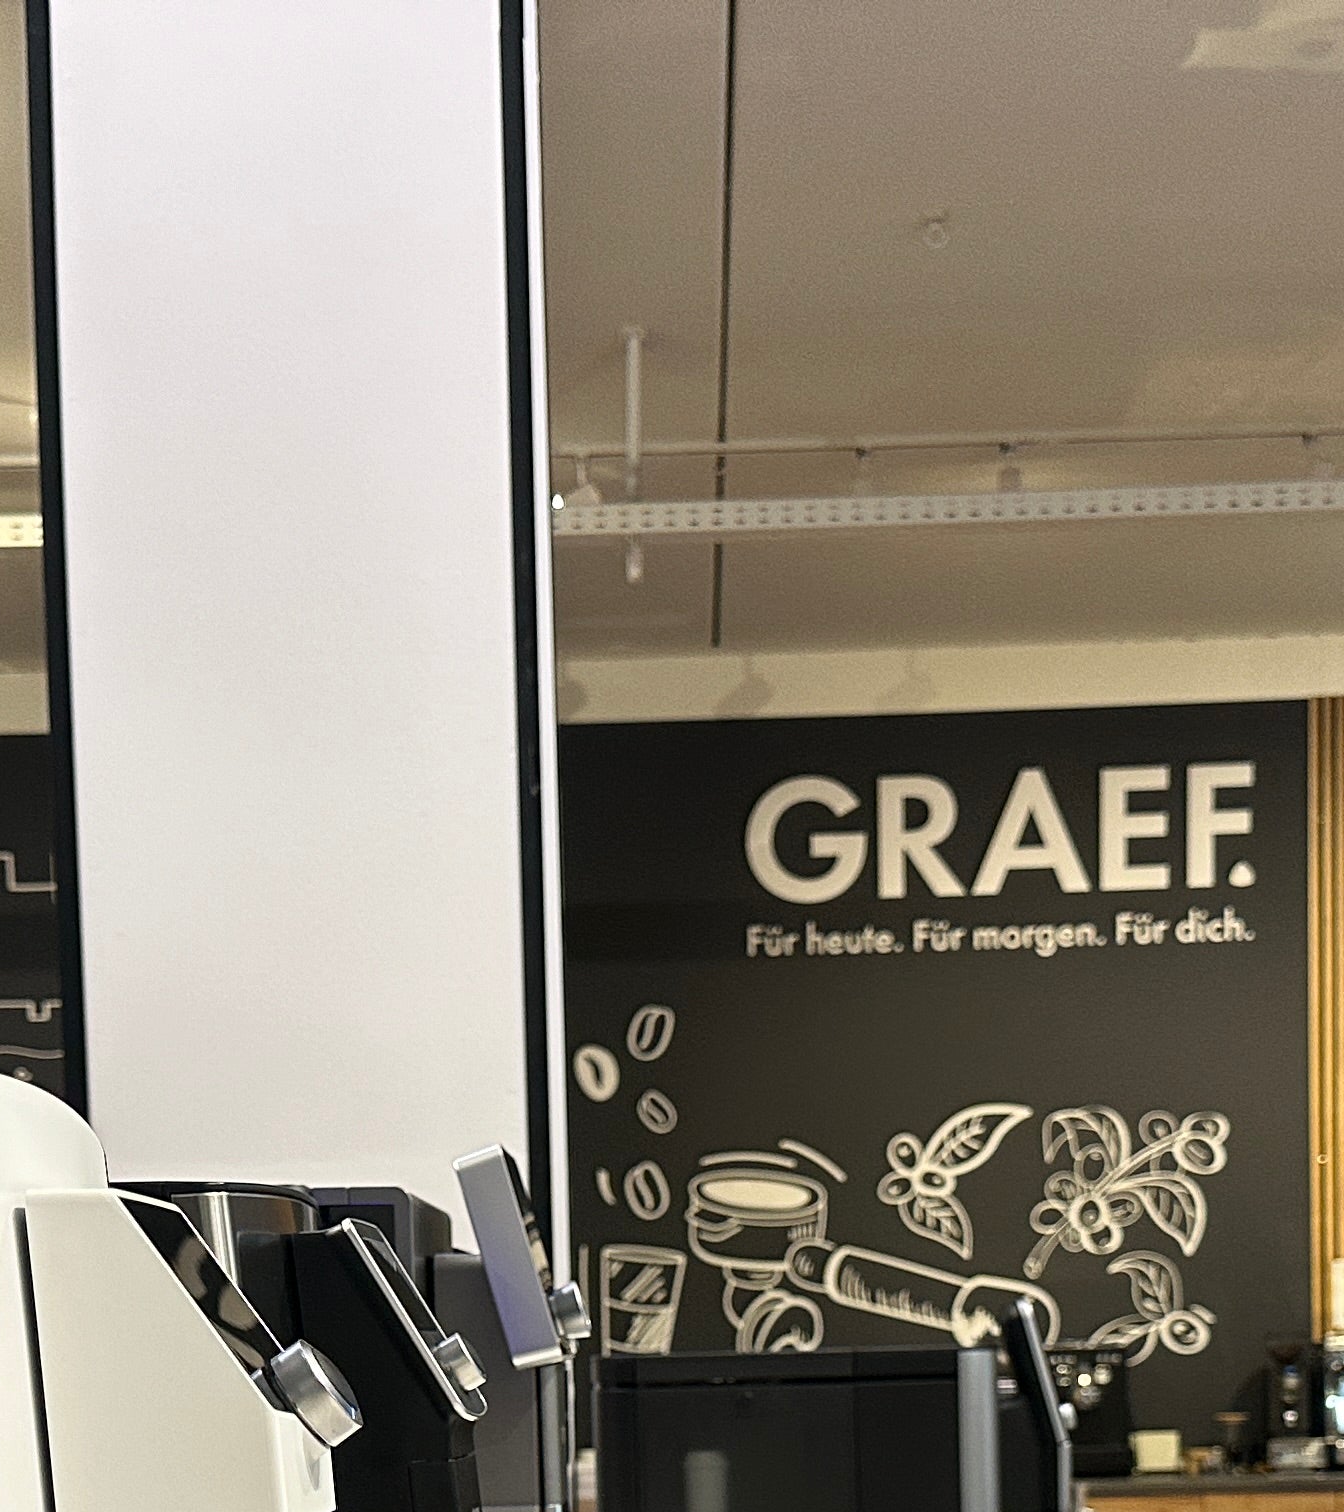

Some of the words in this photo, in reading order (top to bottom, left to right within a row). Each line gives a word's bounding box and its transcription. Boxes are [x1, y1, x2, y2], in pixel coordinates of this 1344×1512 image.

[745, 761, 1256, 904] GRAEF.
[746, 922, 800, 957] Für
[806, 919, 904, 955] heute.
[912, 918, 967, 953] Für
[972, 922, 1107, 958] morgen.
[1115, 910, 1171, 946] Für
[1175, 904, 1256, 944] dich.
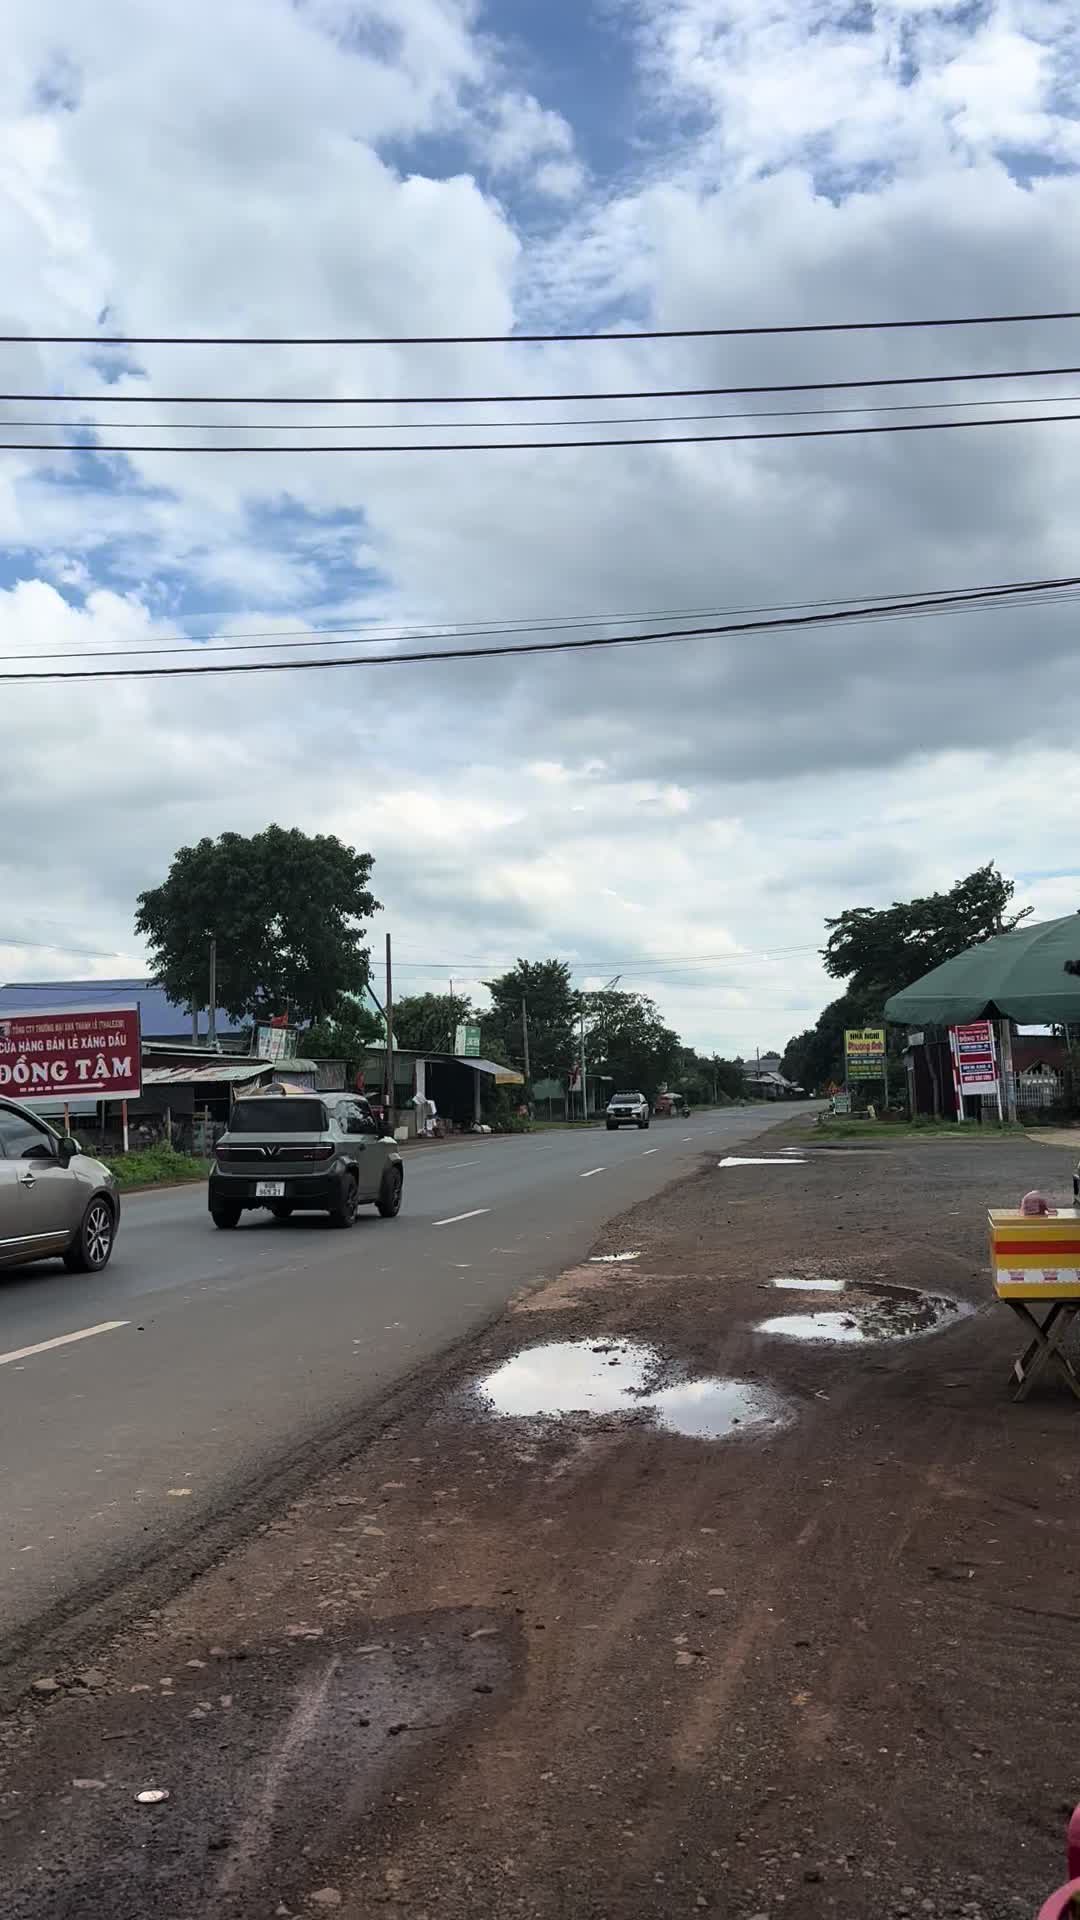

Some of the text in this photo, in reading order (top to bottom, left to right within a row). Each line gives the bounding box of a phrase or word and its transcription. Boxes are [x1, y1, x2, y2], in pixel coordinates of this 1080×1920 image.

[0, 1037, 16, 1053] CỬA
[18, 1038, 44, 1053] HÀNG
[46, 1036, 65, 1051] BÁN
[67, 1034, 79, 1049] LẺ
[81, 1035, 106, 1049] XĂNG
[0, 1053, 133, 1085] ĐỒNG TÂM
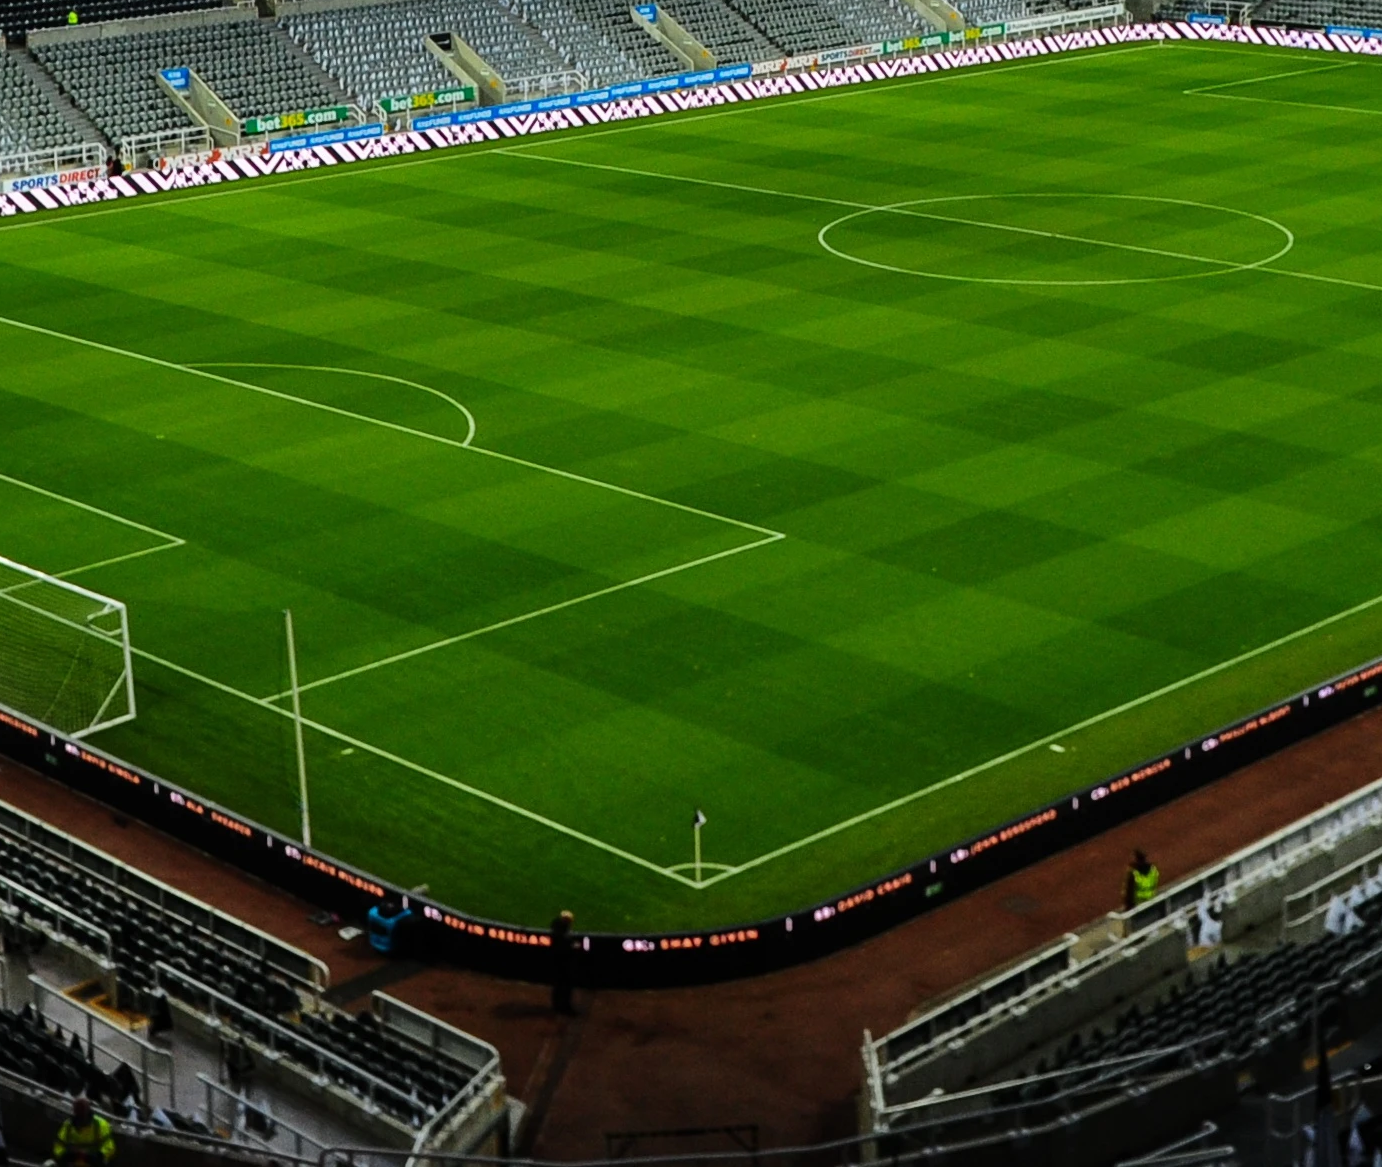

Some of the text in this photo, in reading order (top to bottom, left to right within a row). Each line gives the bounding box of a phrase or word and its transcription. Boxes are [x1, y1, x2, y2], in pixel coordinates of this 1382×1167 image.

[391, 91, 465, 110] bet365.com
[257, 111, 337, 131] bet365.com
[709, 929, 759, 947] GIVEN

——————————

Take the lines from the one containing "this 1382×1167 image." through the final line of the entries above, and set them down exactly, with nothing added.

Some of the text in this photo, in reading order (top to bottom, left to right within a row). Each line gives the bounding box of a phrase or word and its transcription. Boxes are [x1, y1, x2, y2], in pixel coordinates of this 1382×1167 image.

[391, 91, 465, 110] bet365.com
[257, 111, 337, 131] bet365.com
[709, 929, 759, 947] GIVEN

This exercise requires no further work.